Work required -
Everything in the entries except the pictures must be repeated exactly.
#####
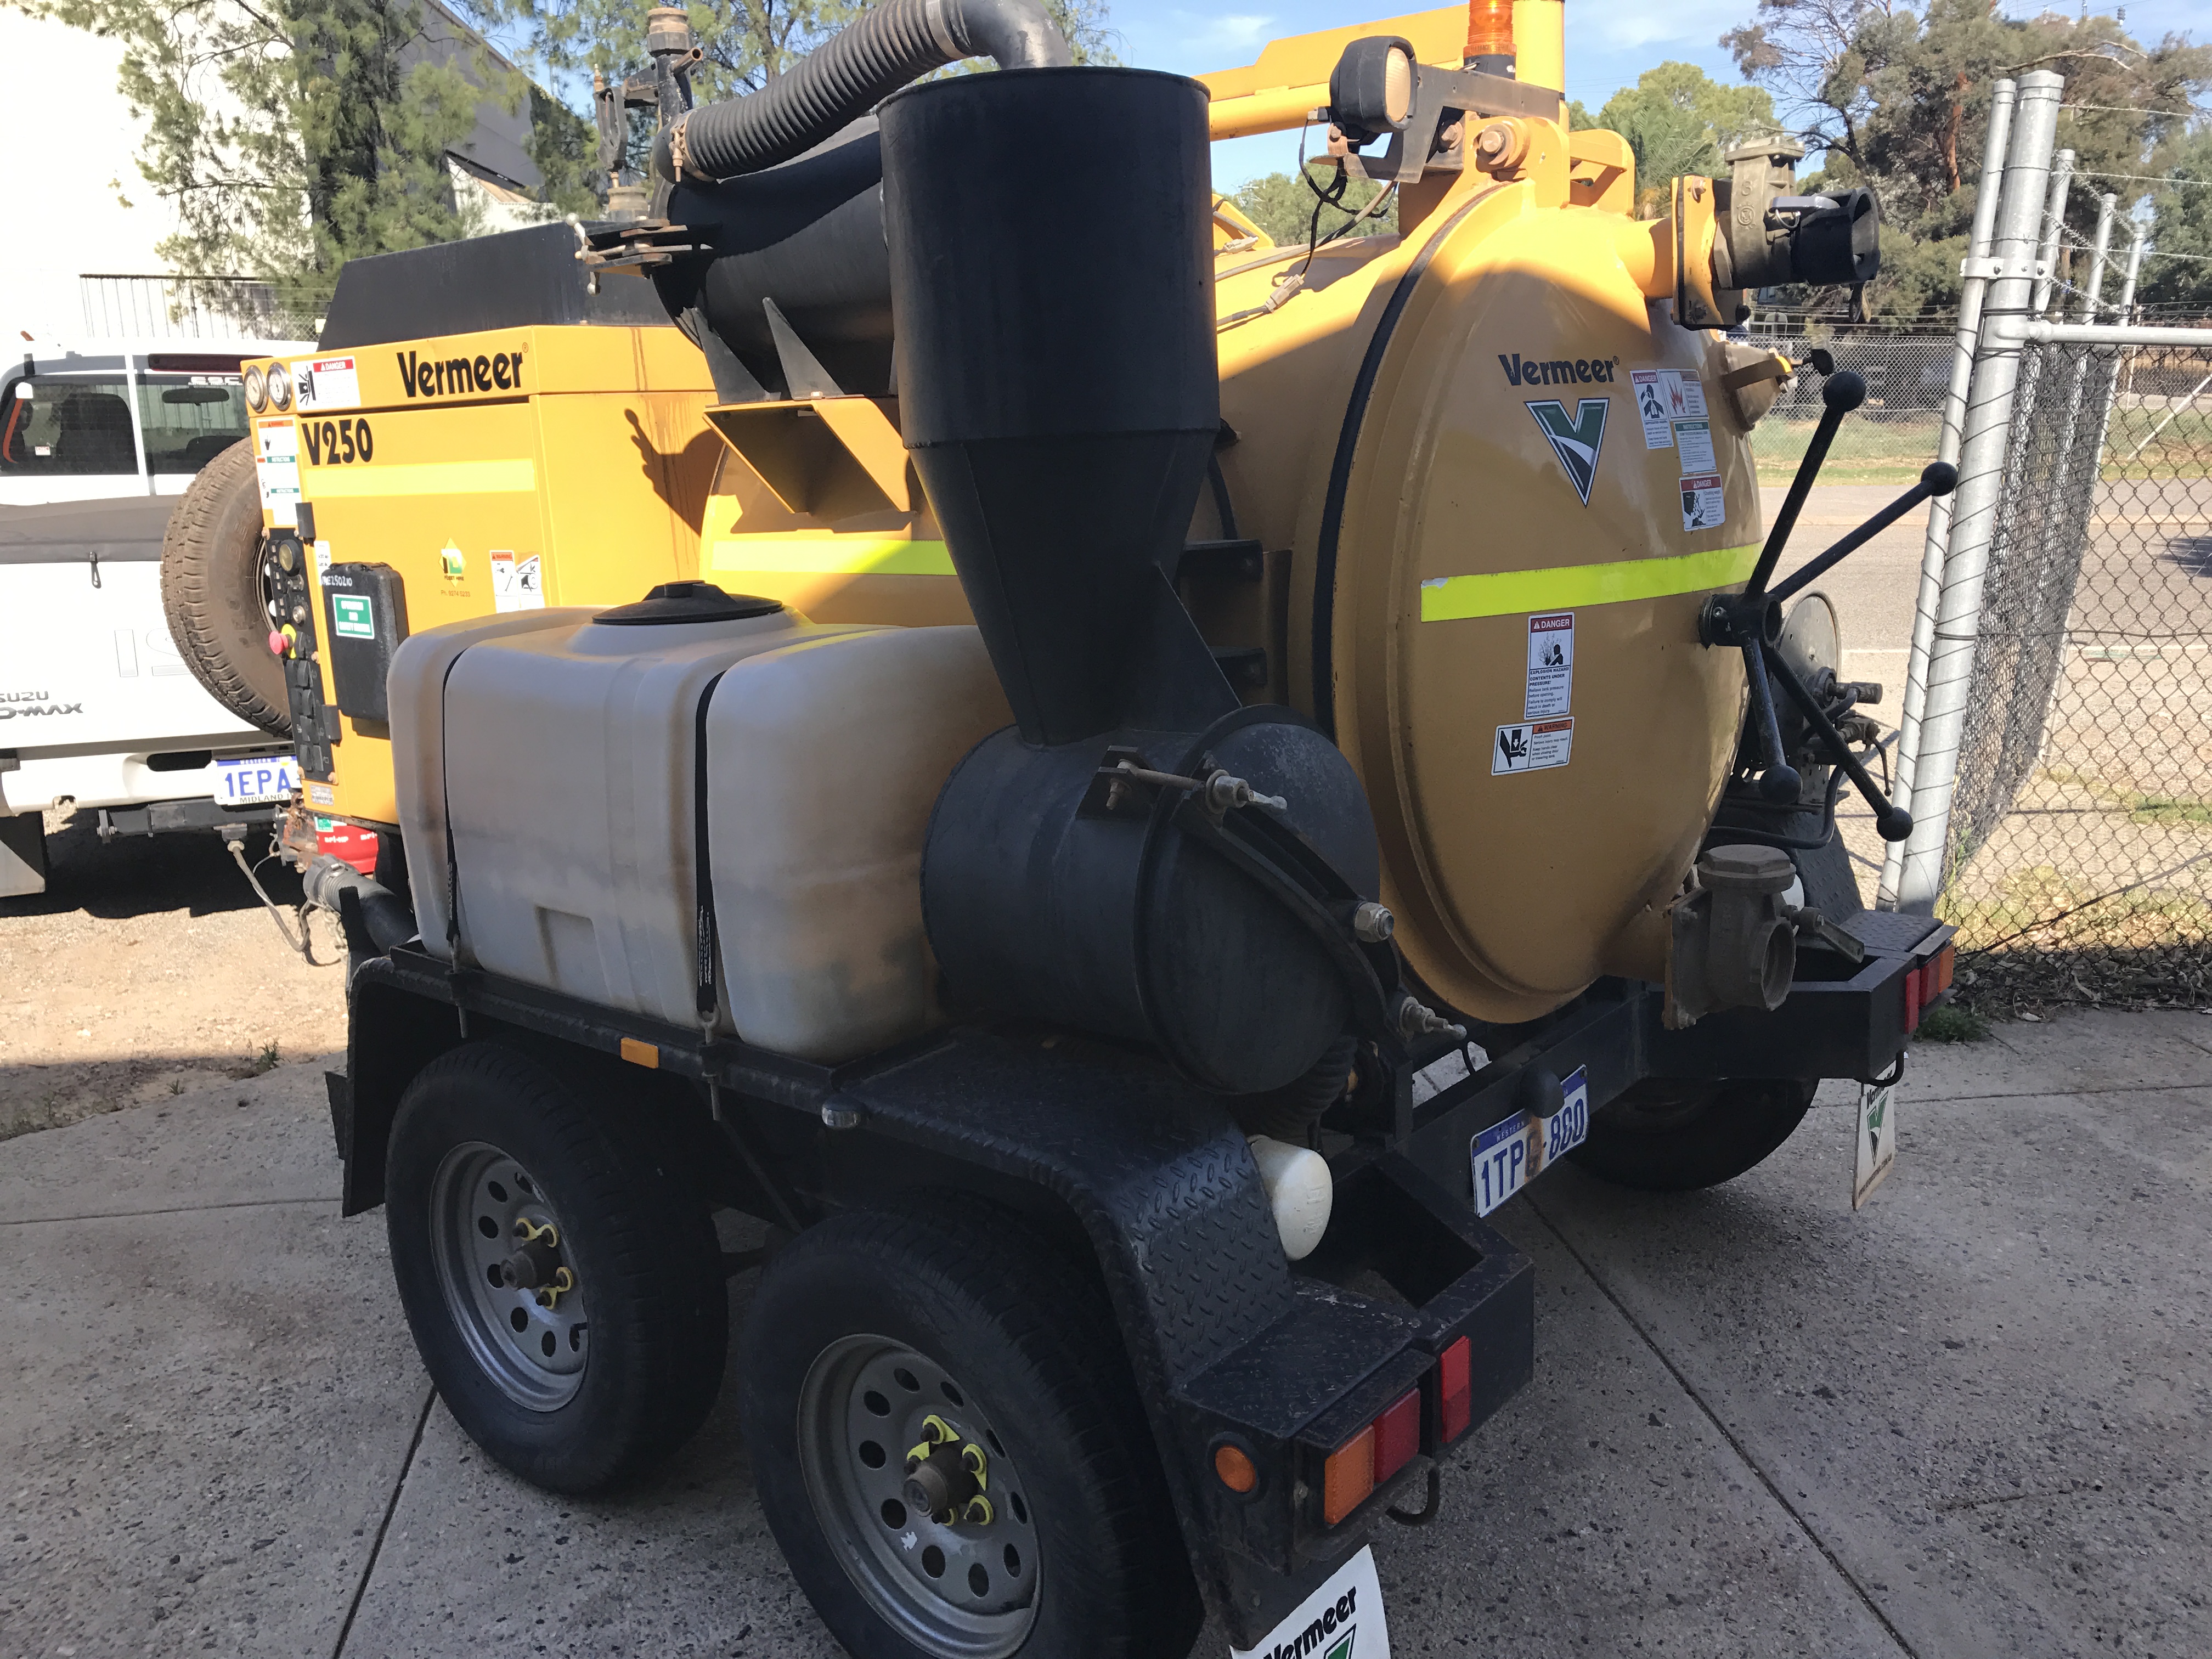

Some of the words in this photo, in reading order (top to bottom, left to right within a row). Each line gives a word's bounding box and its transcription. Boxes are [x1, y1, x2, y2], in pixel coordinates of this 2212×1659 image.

[325, 362, 346, 371] DANGER
[397, 351, 523, 398] Vermeer
[1498, 353, 1615, 386] Vermeer
[301, 417, 374, 466] V250
[1697, 479, 1712, 488] DANGER
[1541, 619, 1570, 629] DANGER
[239, 793, 284, 804] MIDLAND
[1496, 1120, 1525, 1142] WESTERN
#####
Task output -
Some of the words in this photo, in reading order (top to bottom, left to right within a row). Each line gives a word's bounding box and its transcription. Boxes are [x1, y1, x2, y2], in pixel coordinates of this 2212×1659 image.

[325, 362, 346, 371] DANGER
[397, 351, 523, 398] Vermeer
[1498, 353, 1615, 386] Vermeer
[301, 417, 374, 466] V250
[1697, 479, 1712, 488] DANGER
[1541, 619, 1570, 629] DANGER
[239, 793, 284, 804] MIDLAND
[1496, 1120, 1525, 1142] WESTERN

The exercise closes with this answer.